GHD verkauft Logistiktochter Sangro und kehrt zum Pflegebereich zurück
Wenzel WeinholdGHD verkauft Logistiktochter Sangro und kehrt zum Pflegebereich zurück
GHD GesundHeits GmbH Deutschland verkauft Logistiktochter Sangro an Beteiligungsgesellschaft Axcel
Mit dem Verkauf ihrer Logistiktochter Sangro an die Private-Equity-Gesellschaft Axcel vollzieht die GHD GesundHeits GmbH Deutschland einen bedeutenden Strategiewechsel. Das Unternehmen konzentriert sich damit nach Jahren der Expansion wieder auf sein Kerngeschäft im Bereich der ambulanten Pflege. Der Verkauf ist Teil eines umfassenden Plans, die Unternehmensstruktur zu verschlanken und zur ursprünglichen Ausrichtung zurückzukehren.

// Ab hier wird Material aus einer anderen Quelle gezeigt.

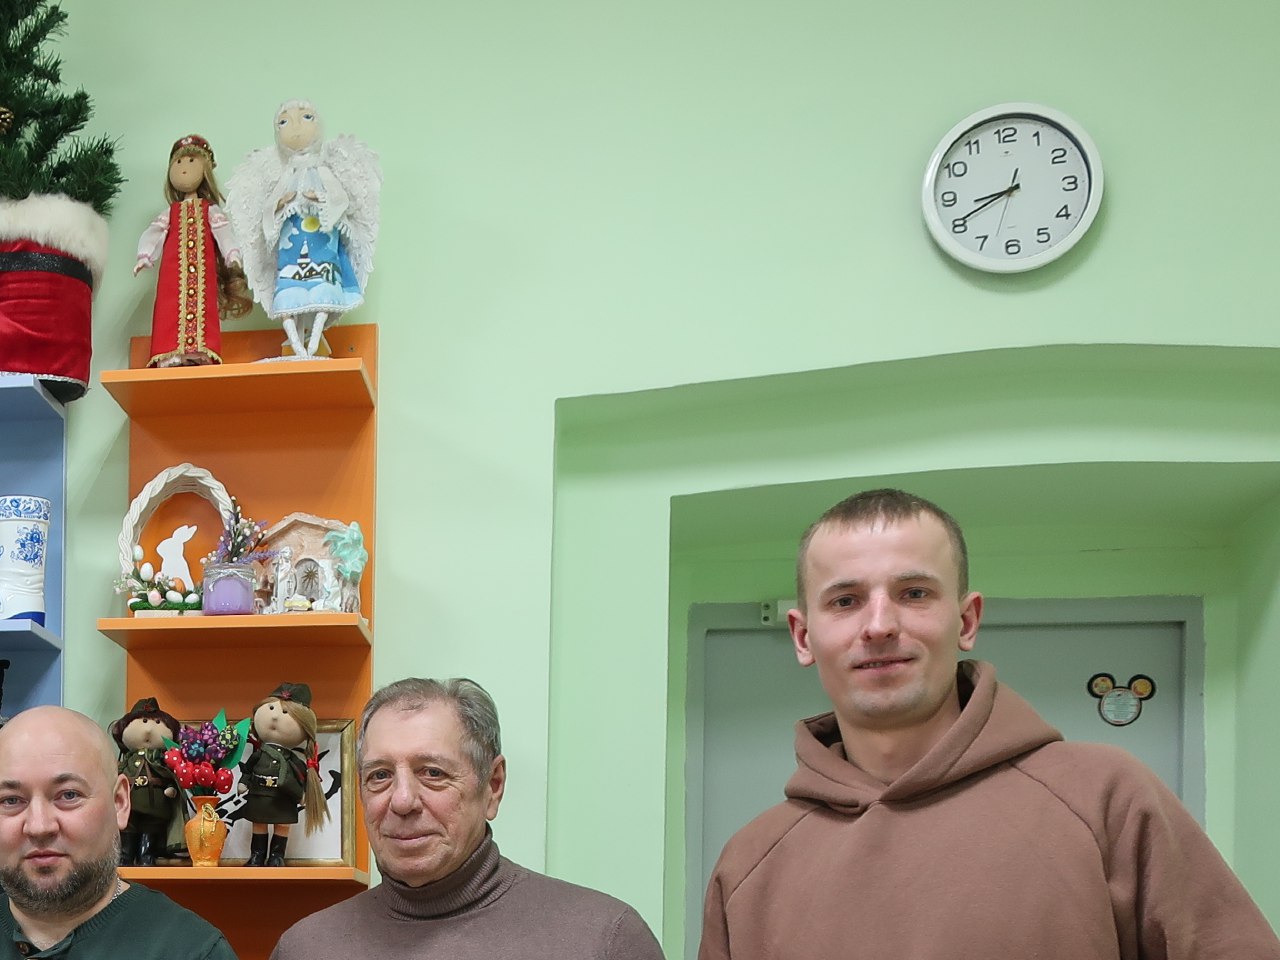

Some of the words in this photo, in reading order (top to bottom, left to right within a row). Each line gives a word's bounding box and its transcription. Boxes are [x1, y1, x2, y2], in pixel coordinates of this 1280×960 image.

Die 1992 gegründete GHD befindet sich seit 2014 im Besitz des schwedischen Investors Nordic Capital. Im Laufe der Zeit weitete das Unternehmen seine Aktivitäten über die ambulante Pflege hinaus auf Großhandel, Logistik und weitere Gesundheitsdienstleistungen aus. 2024 erzielte der Pflegebereich einen Umsatz von 218 Millionen Euro, während Großhandel und Logistik zusammen 263 Millionen Euro einbrachten – fast die Hälfte des Gesamtumsatzes von 546 Millionen Euro.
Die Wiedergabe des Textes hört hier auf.